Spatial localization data
▬▬▬▬▬▬▬▬▬▬

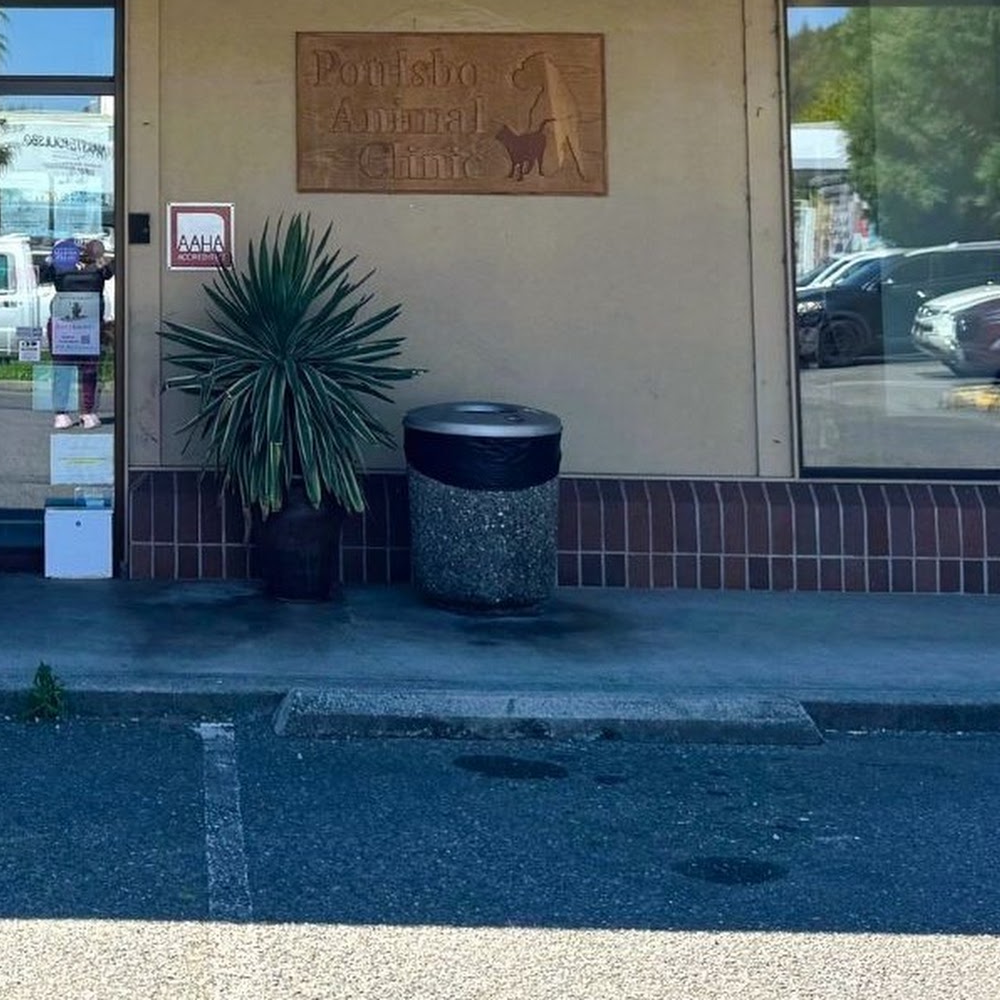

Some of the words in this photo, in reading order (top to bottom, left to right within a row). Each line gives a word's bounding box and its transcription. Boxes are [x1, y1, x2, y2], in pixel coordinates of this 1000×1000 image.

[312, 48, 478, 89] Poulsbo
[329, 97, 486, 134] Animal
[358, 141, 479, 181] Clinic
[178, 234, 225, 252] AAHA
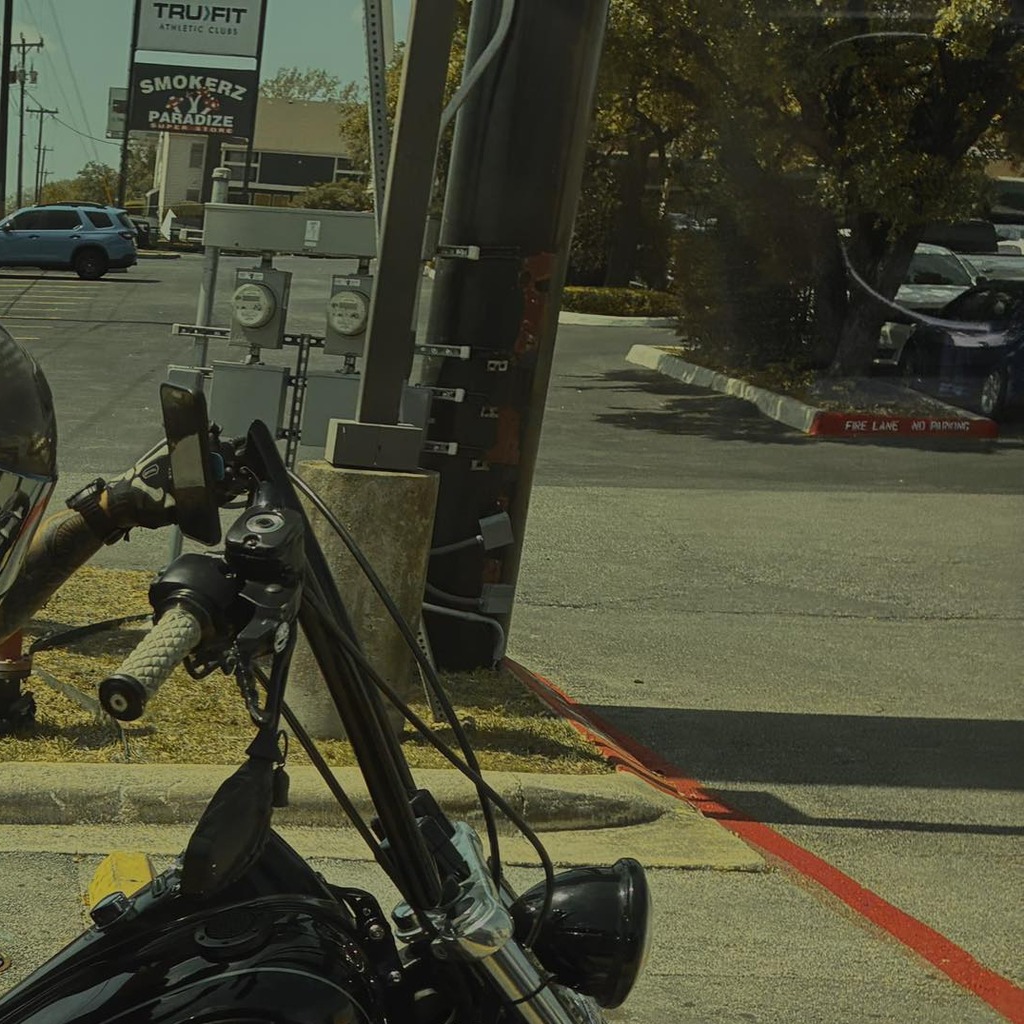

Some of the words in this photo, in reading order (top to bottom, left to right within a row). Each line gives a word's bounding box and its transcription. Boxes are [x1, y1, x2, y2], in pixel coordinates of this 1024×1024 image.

▬▬▬▬▬▬▬▬▬▬

TASK TO CARRY OUT:
Copy the data in full. No pictures belong in the copy.

EXPECTED ANSWER:
Some of the words in this photo, in reading order (top to bottom, left to right within a row). Each line gives a word's bounding box and its transcription. Boxes are [x1, y1, x2, y2], in pixel coordinates of this 1000×1000 image.

[312, 48, 478, 89] Poulsbo
[329, 97, 486, 134] Animal
[358, 141, 479, 181] Clinic
[178, 234, 225, 252] AAHA

Some of the words in this photo, in reading order (top to bottom, left to right within a row). Each line gives a word's bounding box and its transcription. Boxes are [x1, y1, x2, y2], in pixel coordinates of this 1024×1024 image.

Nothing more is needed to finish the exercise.